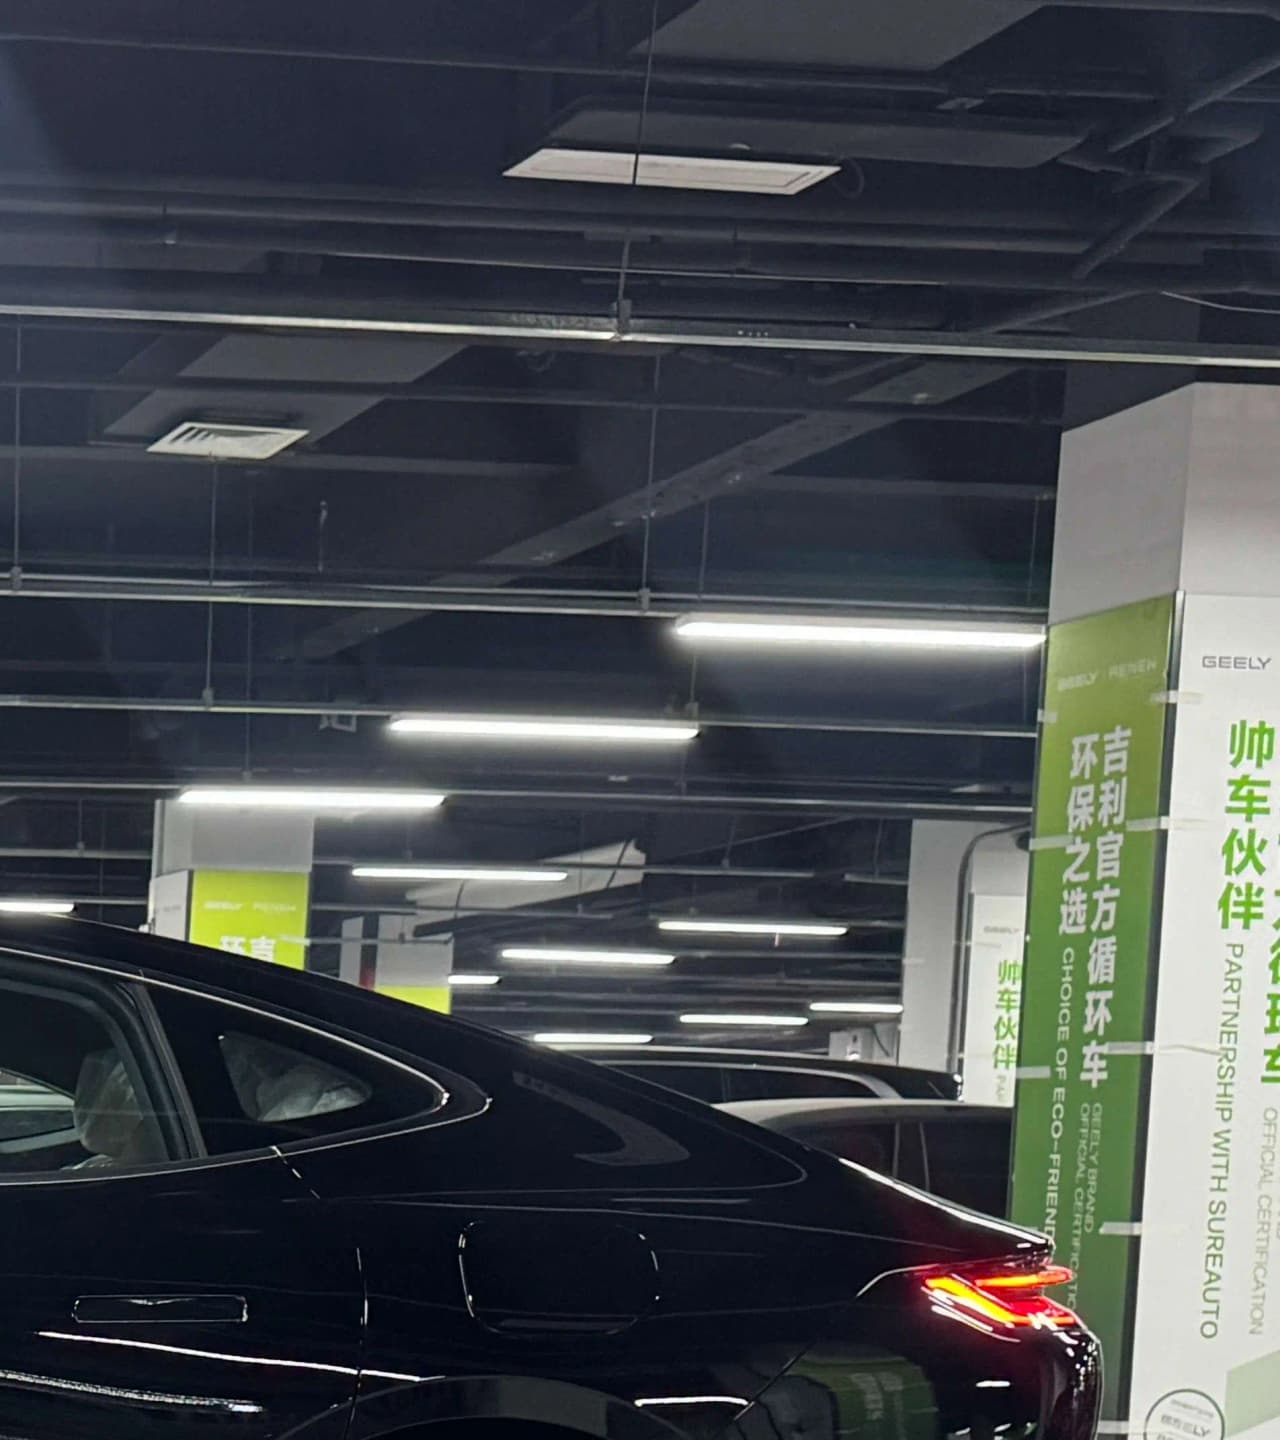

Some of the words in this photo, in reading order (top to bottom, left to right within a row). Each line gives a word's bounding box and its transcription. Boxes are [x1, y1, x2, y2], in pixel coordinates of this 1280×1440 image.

[1202, 655, 1272, 670] GEELY
[1059, 732, 1100, 936] 环保之选
[1218, 719, 1275, 931] 帅车伙伴
[1080, 724, 1132, 1089] 吉利官方循环车
[993, 959, 1022, 1070] 帅车伙伴
[1057, 947, 1075, 1042] CHOICE
[1215, 943, 1244, 1122] PARTNERSHIP
[1055, 1047, 1068, 1081] OF
[1075, 1103, 1090, 1184] OFFICIAL
[1089, 1103, 1103, 1166] GEELY
[1209, 1129, 1232, 1192] WITH
[1258, 1107, 1278, 1190] OFFICIAL
[1084, 1167, 1098, 1233] BRAND
[1200, 1200, 1226, 1339] SUREAUTO
[1249, 1194, 1272, 1336] CERTIFICATION
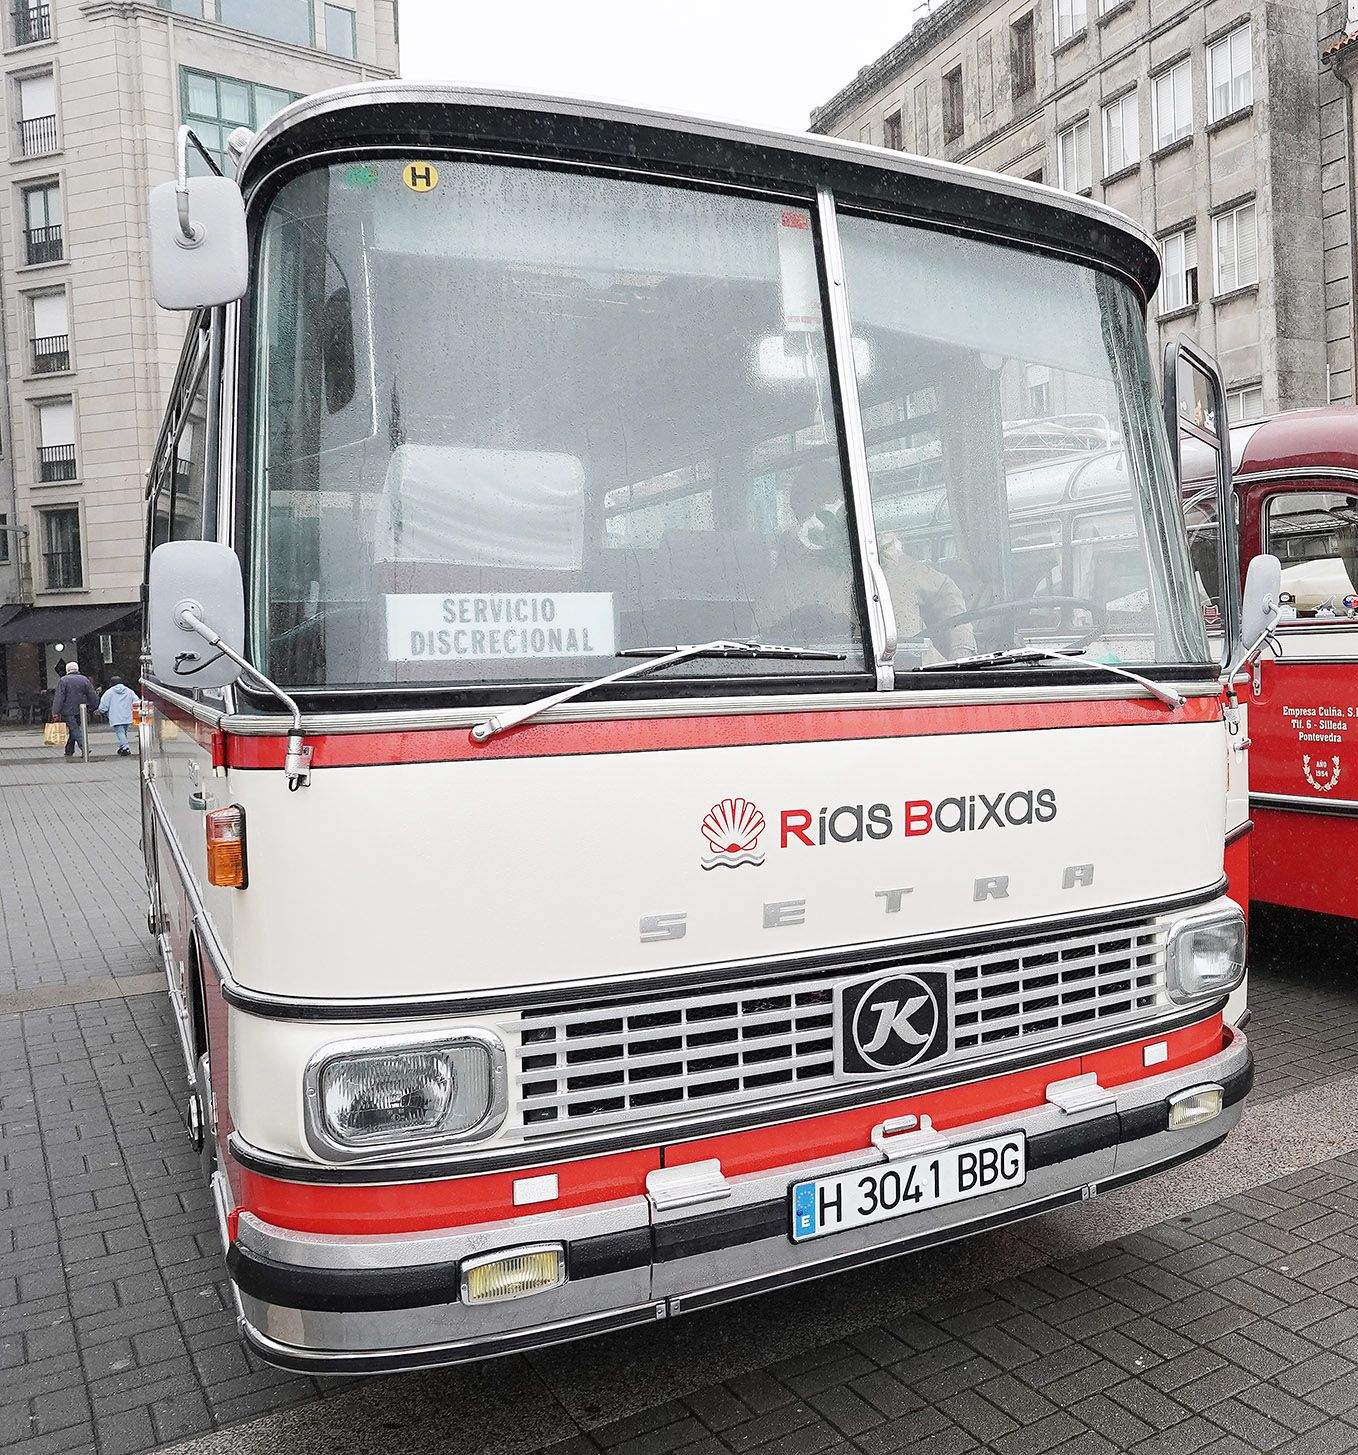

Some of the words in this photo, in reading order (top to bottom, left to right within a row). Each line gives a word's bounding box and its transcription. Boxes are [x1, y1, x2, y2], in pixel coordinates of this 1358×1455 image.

[410, 166, 431, 187] H
[442, 597, 556, 624] SERVICIO
[410, 627, 594, 656] DISCRECIONAL
[1282, 705, 1317, 718] Empresa
[1298, 731, 1342, 742] Pontevedra
[1306, 720, 1312, 729] 6
[1319, 720, 1348, 731] Silleda
[780, 804, 893, 848] Rías
[905, 788, 1058, 837] Baixas
[639, 863, 1095, 943] SETRA
[819, 1183, 842, 1227] H
[857, 1159, 941, 1217] 3041
[958, 1142, 1020, 1193] BBG
[801, 1215, 811, 1228] E
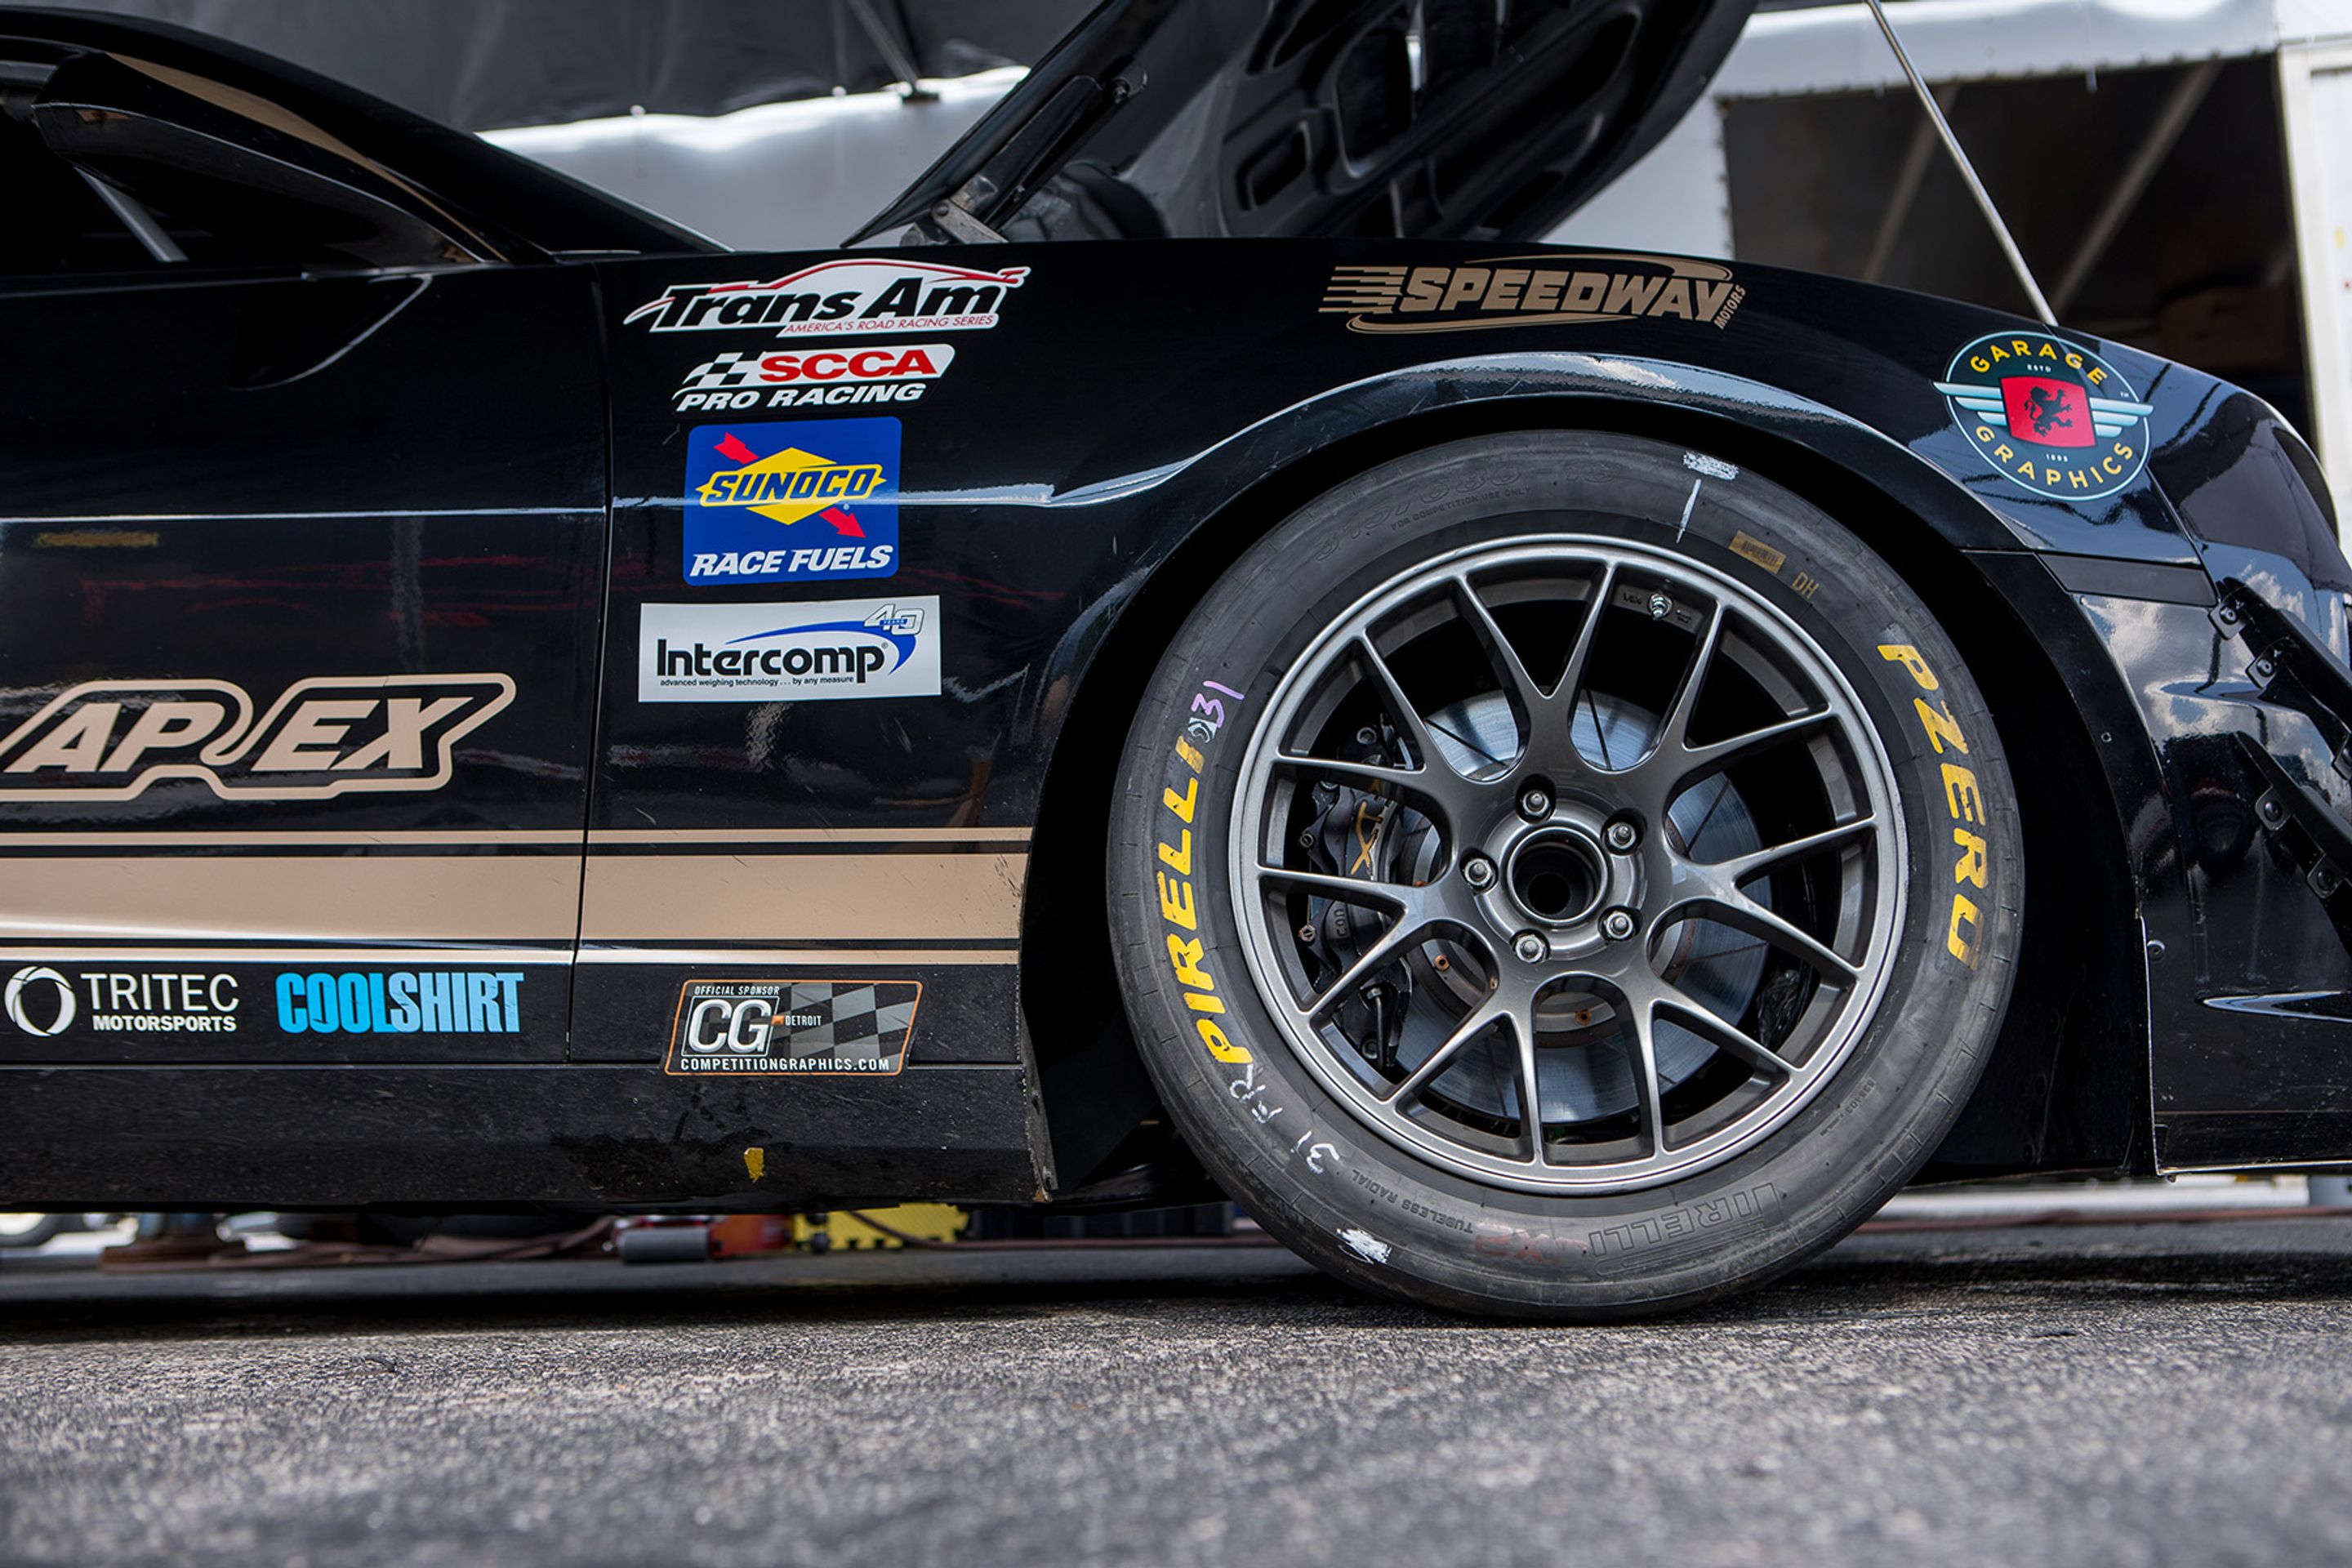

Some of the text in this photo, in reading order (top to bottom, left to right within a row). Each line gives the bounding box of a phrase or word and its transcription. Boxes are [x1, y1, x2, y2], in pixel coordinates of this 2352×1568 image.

[657, 277, 1001, 327] Trans Am
[1399, 267, 1734, 322] SPEEDWAY
[1713, 284, 1746, 330] MOTORS
[784, 314, 994, 334] AMERICA'S ROAD RACING SERIES
[759, 350, 938, 382] SCCA
[1970, 340, 2108, 385] GARAGE
[675, 384, 926, 412] PRO RACING
[1976, 425, 2133, 488] GRAPHICS
[706, 468, 875, 504] SUNOCO
[1391, 487, 1531, 530] FOR COMPETITION USE ONLY
[689, 545, 893, 577] RACE FUELS
[1791, 572, 1820, 599] DH
[863, 604, 925, 635] 40
[657, 639, 885, 683] Intercomp
[660, 679, 697, 687] advanced
[698, 678, 733, 688] weighing
[735, 677, 778, 687] technology
[792, 677, 802, 686] by
[819, 676, 853, 684] measure
[2, 697, 475, 773] APEX
[1156, 735, 1254, 1064] PIRELLI
[81, 973, 239, 1013] TRITEC
[275, 972, 524, 1033] COOLSHIRT
[694, 986, 780, 996] OFFICIAL SPONSOR
[92, 1014, 237, 1032] MOTORSPORTS
[688, 999, 772, 1054] CG
[785, 1015, 822, 1027] DETROIT
[680, 1058, 889, 1071] COMPETITIONGRAPHICS.COM
[1352, 1169, 1474, 1234] TUBELESS RADIAL

---------------

What is required
Give the data again word for word, without pictures.

Written reply
Some of the words in this photo, in reading order (top to bottom, left to right within a row). Each line gives a word's bounding box and its transcription. Boxes are [x1, y1, x2, y2], in pixel coordinates of this 1280×1440 image.

[1202, 655, 1272, 670] GEELY
[1059, 732, 1100, 936] 环保之选
[1218, 719, 1275, 931] 帅车伙伴
[1080, 724, 1132, 1089] 吉利官方循环车
[993, 959, 1022, 1070] 帅车伙伴
[1057, 947, 1075, 1042] CHOICE
[1215, 943, 1244, 1122] PARTNERSHIP
[1055, 1047, 1068, 1081] OF
[1075, 1103, 1090, 1184] OFFICIAL
[1089, 1103, 1103, 1166] GEELY
[1209, 1129, 1232, 1192] WITH
[1258, 1107, 1278, 1190] OFFICIAL
[1084, 1167, 1098, 1233] BRAND
[1200, 1200, 1226, 1339] SUREAUTO
[1249, 1194, 1272, 1336] CERTIFICATION

Some of the words in this photo, in reading order (top to bottom, left to right within a row). Each line gives a word's bounding box and its transcription. Boxes are [x1, y1, x2, y2], in pixel coordinates of this 1358×1455 image.

[410, 166, 431, 187] H
[442, 597, 556, 624] SERVICIO
[410, 627, 594, 656] DISCRECIONAL
[1282, 705, 1317, 718] Empresa
[1298, 731, 1342, 742] Pontevedra
[1306, 720, 1312, 729] 6
[1319, 720, 1348, 731] Silleda
[780, 804, 893, 848] Rías
[905, 788, 1058, 837] Baixas
[639, 863, 1095, 943] SETRA
[819, 1183, 842, 1227] H
[857, 1159, 941, 1217] 3041
[958, 1142, 1020, 1193] BBG
[801, 1215, 811, 1228] E

Some of the text in this photo, in reading order (top to bottom, left to right within a row). Each line gives the bounding box of a phrase or word and its transcription. Boxes are [x1, y1, x2, y2], in pixel coordinates of this 2352×1568 image.

[657, 277, 1001, 327] Trans Am
[1399, 267, 1734, 322] SPEEDWAY
[1713, 284, 1746, 330] MOTORS
[784, 314, 994, 334] AMERICA'S ROAD RACING SERIES
[759, 350, 938, 382] SCCA
[1970, 340, 2108, 385] GARAGE
[675, 384, 926, 412] PRO RACING
[1976, 425, 2133, 488] GRAPHICS
[706, 468, 875, 504] SUNOCO
[1391, 487, 1531, 530] FOR COMPETITION USE ONLY
[689, 545, 893, 577] RACE FUELS
[1791, 572, 1820, 599] DH
[863, 604, 925, 635] 40
[657, 639, 885, 683] Intercomp
[660, 679, 697, 687] advanced
[698, 678, 733, 688] weighing
[735, 677, 778, 687] technology
[792, 677, 802, 686] by
[819, 676, 853, 684] measure
[2, 697, 475, 773] APEX
[1156, 735, 1254, 1064] PIRELLI
[81, 973, 239, 1013] TRITEC
[275, 972, 524, 1033] COOLSHIRT
[694, 986, 780, 996] OFFICIAL SPONSOR
[92, 1014, 237, 1032] MOTORSPORTS
[688, 999, 772, 1054] CG
[785, 1015, 822, 1027] DETROIT
[680, 1058, 889, 1071] COMPETITIONGRAPHICS.COM
[1352, 1169, 1474, 1234] TUBELESS RADIAL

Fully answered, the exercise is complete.